Eddie has owned above-ground and inground pools for over 30 years.
What Is My Secret to Crystal Clear Pool Water in the Spring?
What is my secret to clear pool water when opening my inground pool in the spring? When the cover comes off, the pool water is crystal clear, and all the debris has settled to the bottom. Most pool owners ask, “How is this possible?” The most common sight when opening a pool is green water and bugs swimming around. If you want to make opening your pool easy, you need to close it properly; the secret is in the winterizing kit.
When purchasing a winterizing kit for your pool, make sure it has a floating non-chlorine sanitizer dispenser; it will slowly release sanitizer throughout the winter into your pool water to help keep it clean and clear. If you close your pool correctly and follow the directions on the winterizing kit, your pool water will stay clean and clear, making it much easier to set your chemicals to their proper levels in the spring.
You hear the buzz, people talking about how hard it is to maintain a swimming pool. From my personal experience, I happen to think it is very easy, especially with the new technology for pool keeping. I have owned above-ground and inground pools for over 30 years, and maintaining a pool gets easier every year. You basically set your chemicals to their proper levels, throw in some stabilizer, fill your chlorinator, and you're done messing with your pool for the a month. But let’s not get off track here. There are still some necessary steps to take when closing a pool so that you can open it easily the next season.
Opening a Pool
The first thing you should do is remove the cover. If you have done your homework, you would know that a safety cover is the best type of cover to have on your pool. Not only does it save adults and kids from drowning, but it also keeps most of the flying debris out while your pool is closed. If you have a cover that sits in your pool water and collects debris throughout the winter, your pool water turns into swamp water, and it is a long process clearing it up in the spring.
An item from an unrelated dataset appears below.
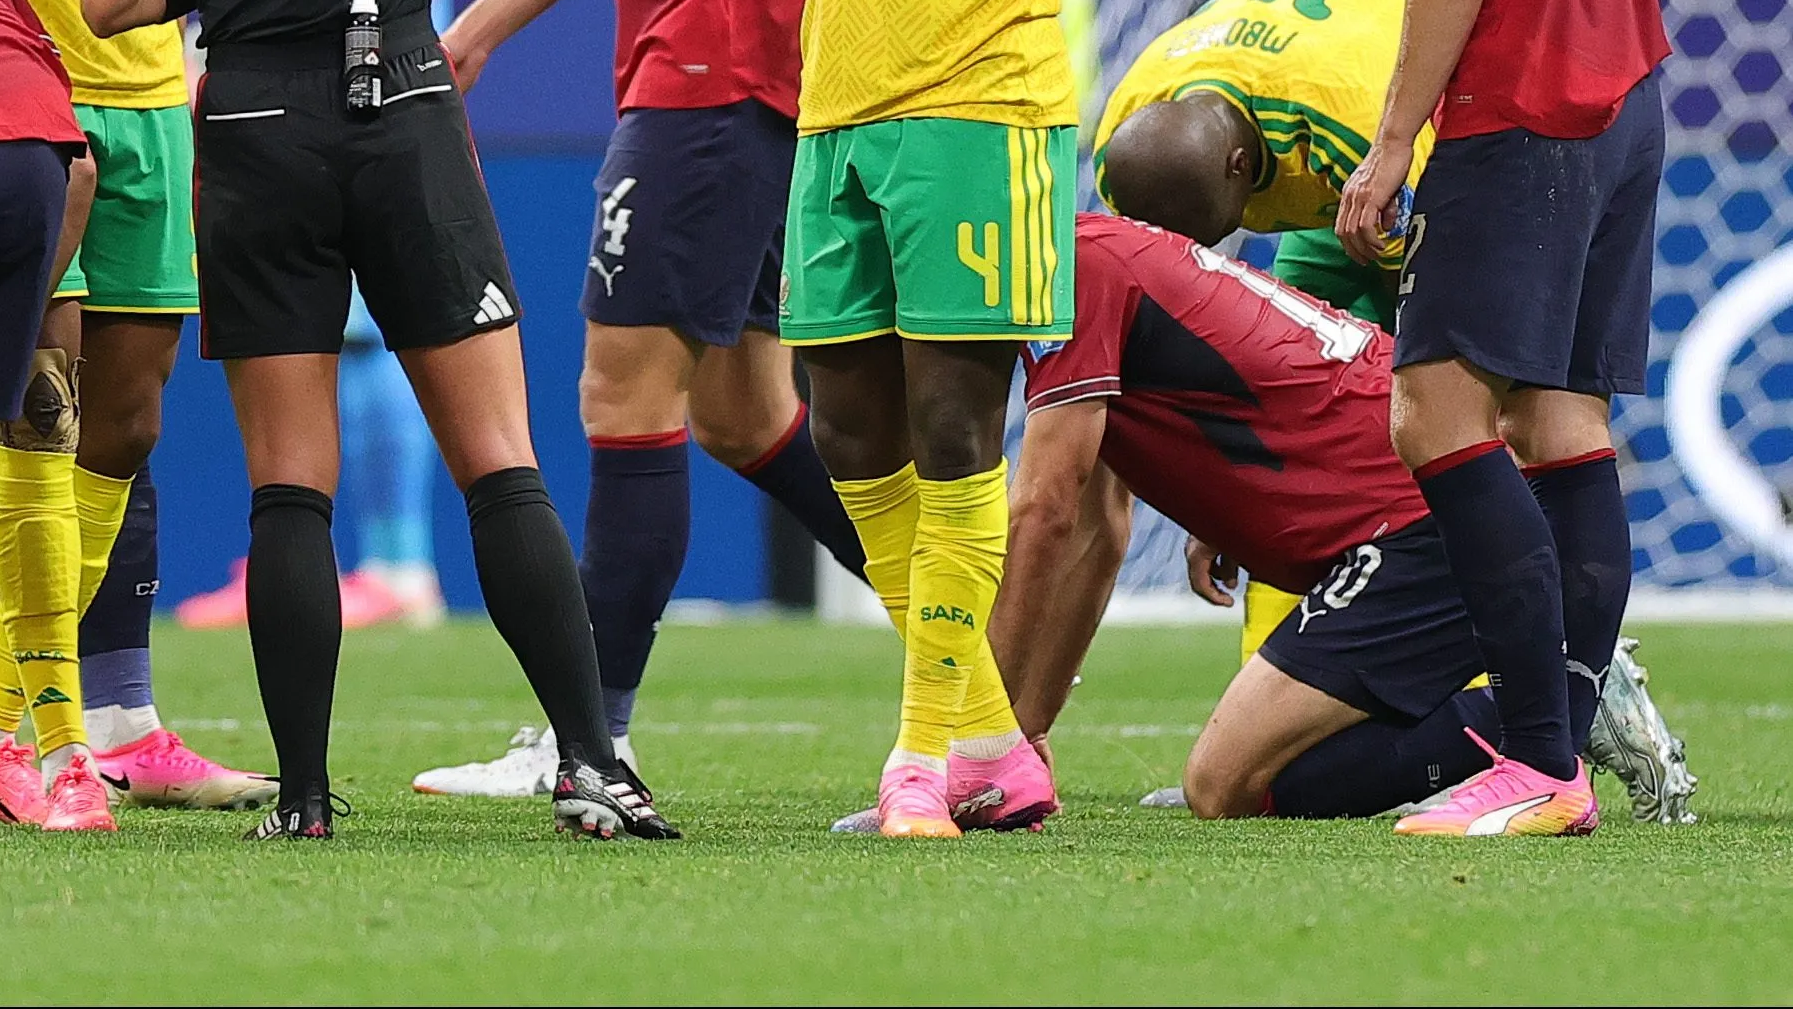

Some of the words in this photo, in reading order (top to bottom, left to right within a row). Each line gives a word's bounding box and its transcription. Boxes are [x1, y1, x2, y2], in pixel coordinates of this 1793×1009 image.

Having a safety cover on your pool makes pool ownership very easy. Just take out your leaf blower and clean it off; it’s that easy (it’s nice that you don’t have to use a sub-pump to remove the water from the cover). Remove the cover and hang it to dry. Never put your pool cover away wet; not only does it get moldy, but it may also attract carpenter ants, and they will destroy your cover.
- If your water level is low, fill it to the proper level, which is between the two middle screws on the skimmer or halfway up the skimmer. You may want to add extra water to the pool because when you’re vacuuming the pool for the first time, it's best to vacuum it with the diverter handle in the waste position so the debris is discharged without sending it through the filter.
- Remove your plugs from your return lines and install the directional nozzles, take the gizmo out of the skimmer and install the basket, turn the handle on the return lines at the pump to receive water from the pool again, and install the basket at the pump.
- Prime the pump with a bucket of water (fill the return lines with water at the basket on your filter, just dump a 5-gallon bucket of water in the basket assembly slowly, and the return lines will fill up, make sure all your plugs are in the pump before filling) Set the handle on the diverter valve to waste and turn on your pump to discharge the antifreeze.
It is important to set the diverter handle to waste when first running your pump because if you live in a climate that freezes, most likely, you have pool antifreeze in your lines so they don’t freeze. Flush out the lines for about 30 seconds and turn off your filter. Set the diverter handle to filter and turn the pump back on. If everything seems to be working properly, then it’s time to clean your pool.
Algae in the Pool
If your pool is green and you can’t see the bottom, do not shock the pool first with chlorine. First, use an algaecide to kill the algae. Wait a day, vacuum up the dead algae and then shock the pool. If your water is clear, but you can see algae on the bottom, use algaecide first to kill the algae and vacuum it the following day.
If you were to shock it first, the invisible algae in the water would turn green, and your pool water will turn green. If your water is clear and there is no sign of algae, you have closed your pool properly (congratulations); you can now test the chemical levels in your pool and adjust them as necessary.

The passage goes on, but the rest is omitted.